By AMIN RAJAN"Comrade, if things are so good, how come they are so bad as well?" ran a Brezhnev- era Russian joke. Likewise, contradictions continue to abound in the retail market in Europe. Outwardly, Joe Public has never had it so good. With about 27,000 share classes on offer, he has nearly four times as much choice as his peer in the US. But more does not mean better. Freshly minted products are frequently churned out in the name of innovation which, in most cases, is just a leapfrogging game relying on the herd mentality driven by new lingo, fear and greed. For end clients, low financial literacy costs dear. Worse still, distribution is dominated by banks that offer little advice and place funds automatically with inhouse managers or those that offer the highest frontend commissions, irrespective of client needs. Where the distributors are independent financial advisers - as in the UK - they are neither "independent" nor "advisers": sales commissions drive the choice of products and providers. Thus, the charge list goes on and on. But, to be fair, that is only one side of the story.
"Yes, asset managers have flooded the market with copycat products. But I see growth in life-cycle funds with embedded-advice solutions influenced by an investor's age. Banks are also going into third-party funds via open platforms with preferred partners offering quality choice," says Giordano Lombardo, the deputy chief executive of Pioneer Investments. Emulating the new generation of gatekeepers in the US with a primary oath of allegiance to their clients, such banks are now deploying institutional quality tools to do asset allocation, manager selection and performance attribution analysis. They are offering packaged solutions. Funds are increasingly "bought", not "sold". This trend is gaining traction, especially with high-networth clients, according to a new study sponsored by Citigroup and T.Rowe Price*. Even the role of muchmaligned IFAs is changing. The gin and golfing brigade is a dying breed, as governments drive clients towards advice-based, solutions-oriented products. But advicebased fees are not here yet. Advisers rely on fund managers to combine riskfree and risky assets, enabling them to earn the commission on the whole sum rather than the proportion going into risky assets. In the US, banks control 25 per cent of the mutual fund distribution. In Europe, they control about 65 per cent. "But things are changing.

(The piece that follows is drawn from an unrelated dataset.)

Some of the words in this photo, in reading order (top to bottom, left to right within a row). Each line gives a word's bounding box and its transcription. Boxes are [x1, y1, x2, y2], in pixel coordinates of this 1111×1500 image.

What we have seen in Europe has been huge interest by distributors in fund managers who are able to generate superior returns via high conviction investment strategies," says Ed Rosengarten, chief executive of equities at M&G.

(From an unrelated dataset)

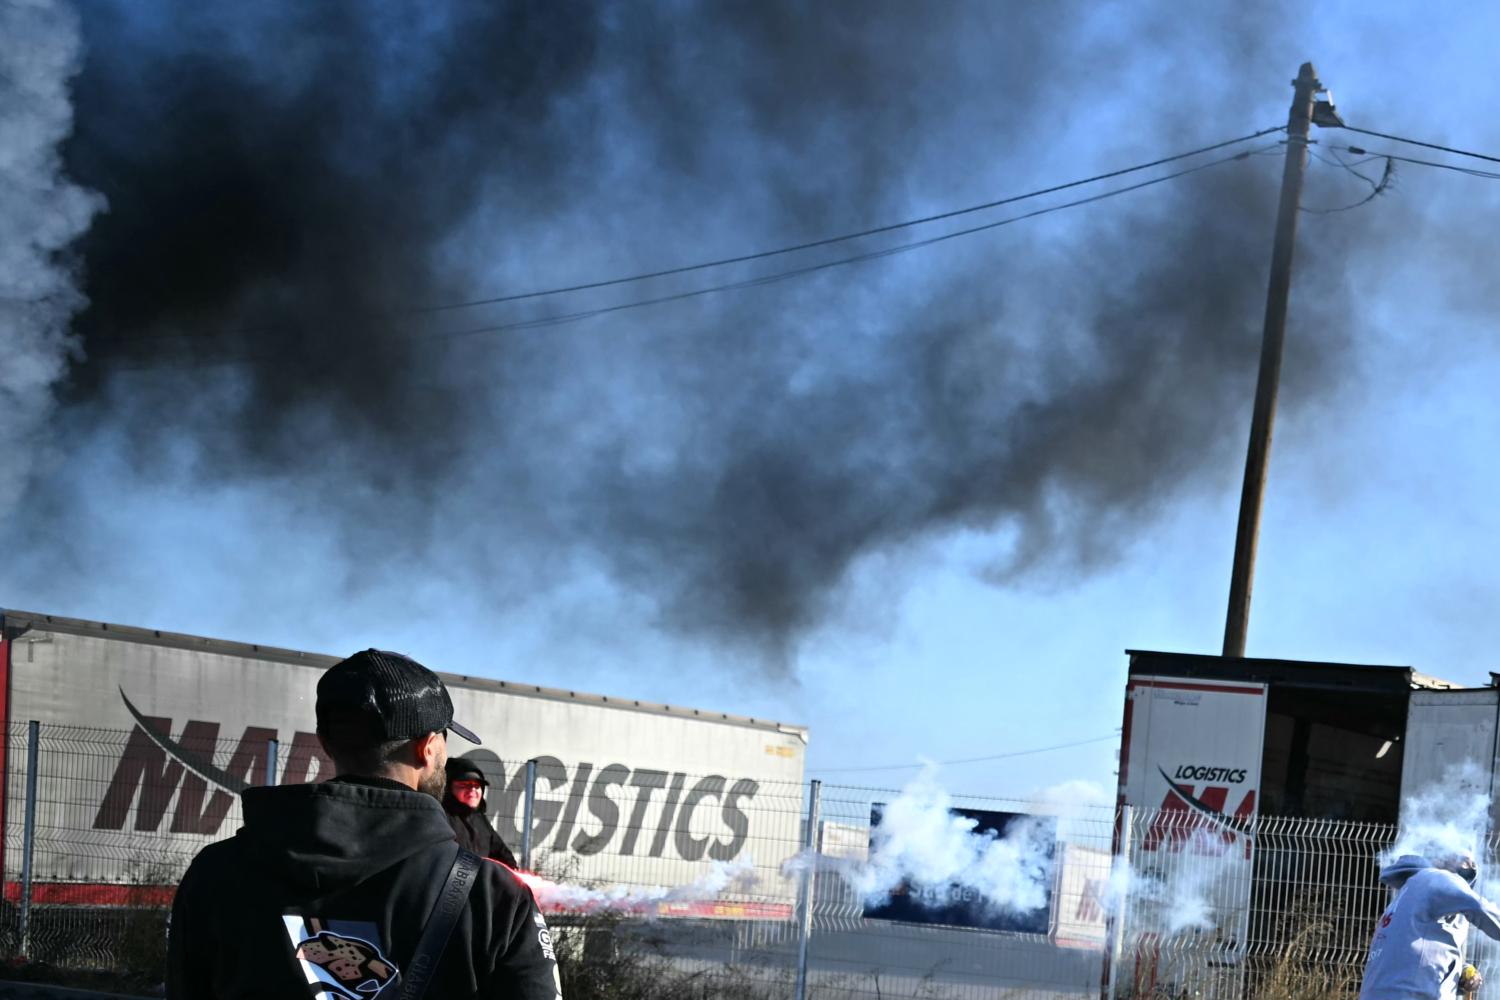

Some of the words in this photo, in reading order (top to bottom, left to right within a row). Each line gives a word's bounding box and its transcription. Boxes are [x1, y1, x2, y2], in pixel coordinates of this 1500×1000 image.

[92, 715, 337, 835] MAR
[457, 748, 760, 862] OGISTICS
[1174, 765, 1248, 783] LOGISTICS

Thus, conflict of interest may no longer be a big issue. However, this change has yet to promote convergence in the fees charged by fund managers; quite the reverse, according to data on management fees, charges and net sales variously compiled by Fitzrovia and Feri. They show that the total expense ratio varies enormously for like-for-like products within each of the four distinct asset classes. The observations are indicative, not definitive. But they are robust enough to suggest that the retail fund market in Europe continues to eschew the time- honoured laws of demand and supply. "Mass affluent clients don't as yet have an understanding of price. They can even struggle with the simple notion of 'percentages'. Proper implementation of Mifid (the European Union's markets in financial instruments directive) will force a better, more outcome-oriented approach. And an improved simplified prospectus can't come soon enough," says Elizabeth Corley, head of Allianz Global Investors Europe. The prospectus enjoins fund sellers to know the client needs and drive up the quality of advice. Their success will require quantum leaps in the levels of financial literacy on the part of clients across Europe. But that is not all. After all, in the US rising literacy and open architecture have not avoided the "feel-bad" factor now prevailing widely among investors who manage their private pensions via mutual funds. For their part, European fund managers need to recognise that their galaxy of products promises dreams but delivers nightmares, like the Soviet era.
Amin Rajan is the chief executive of Create, a research consultancy.